Christian philosophy encompasses the philosophical ideas and systems developed by Christians or in direct relation to the religion of Christianity. Christian philosophy emerged with the aim of reconciling science, reason, and faith, starting from natural rational explanations with the help of Christian revelation. Several early thinkers such as Origen and Augustine of Hippo believed that there was a harmonious relationship between science and faith, others such as Tertullian claimed that there was contradiction, while others tried to differentiate them.

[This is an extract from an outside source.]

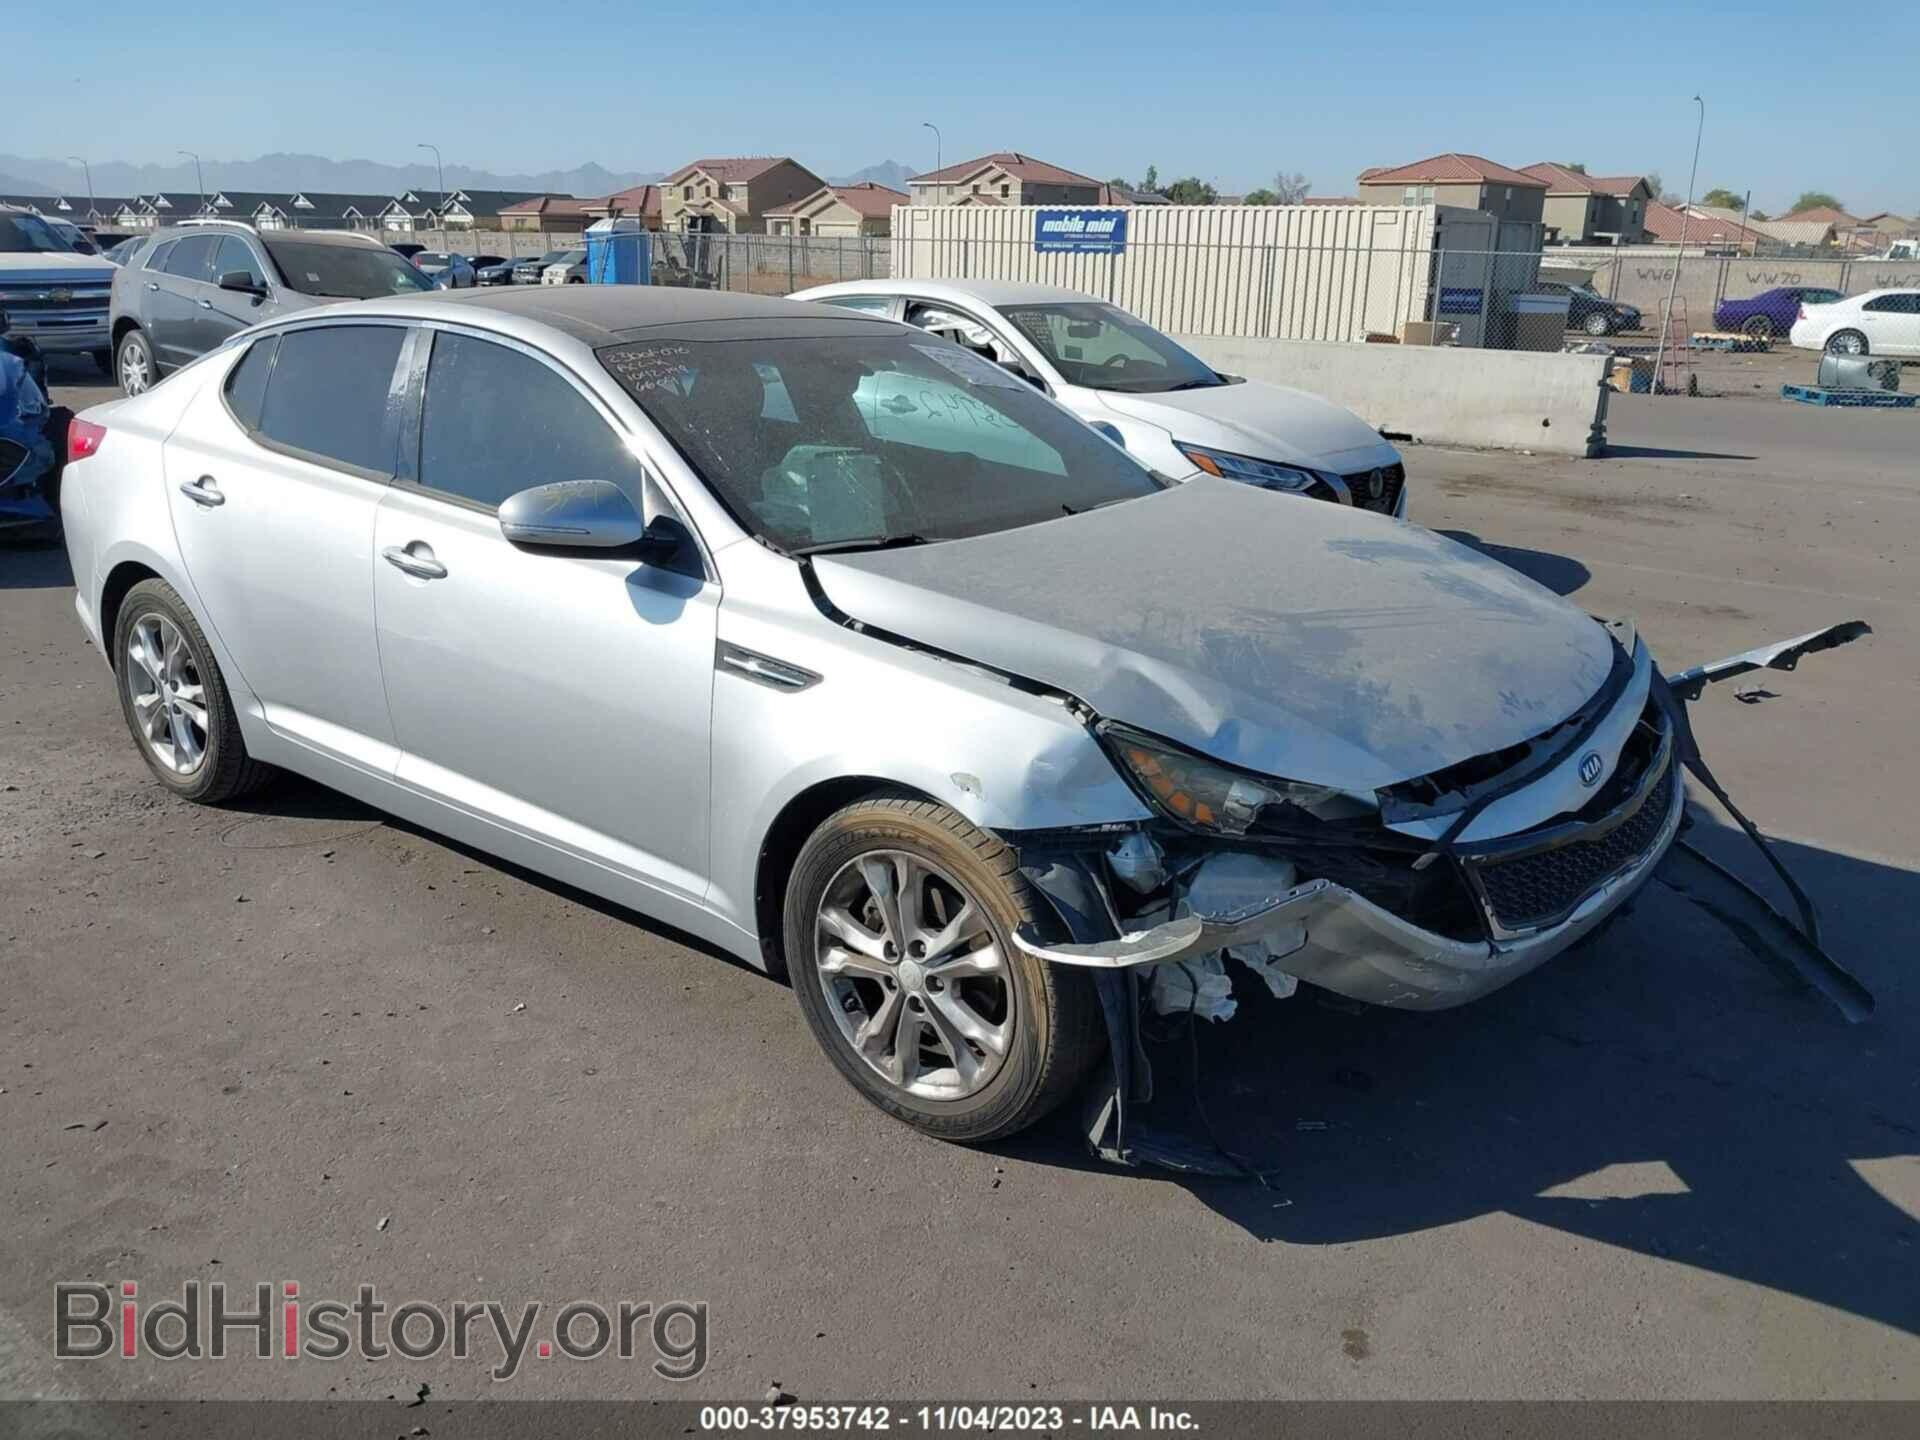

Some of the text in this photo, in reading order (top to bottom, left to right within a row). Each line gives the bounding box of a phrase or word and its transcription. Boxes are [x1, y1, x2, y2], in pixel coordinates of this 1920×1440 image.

From a Catholic perspective, the relationship between faith and reason has been formally articulated in magisterial documents such as Pope John Paul II's 1998 encyclical Fides et ratio (Faith and Reason), which famously describes faith and reason as "two wings on which the human spirit rises to the contemplation of truth." The Catholic Church does not endorse a single official "Catholic philosophy," but it maintains that human reason can attain truths about God and morality. The Church often points to the work of Thomas Aquinas as an exemplar of the synthesis of philosophical inquiry and theological truth, an approach heavily emphasized in Pope Leo XIII's 1879 encyclical Aeterni Patris.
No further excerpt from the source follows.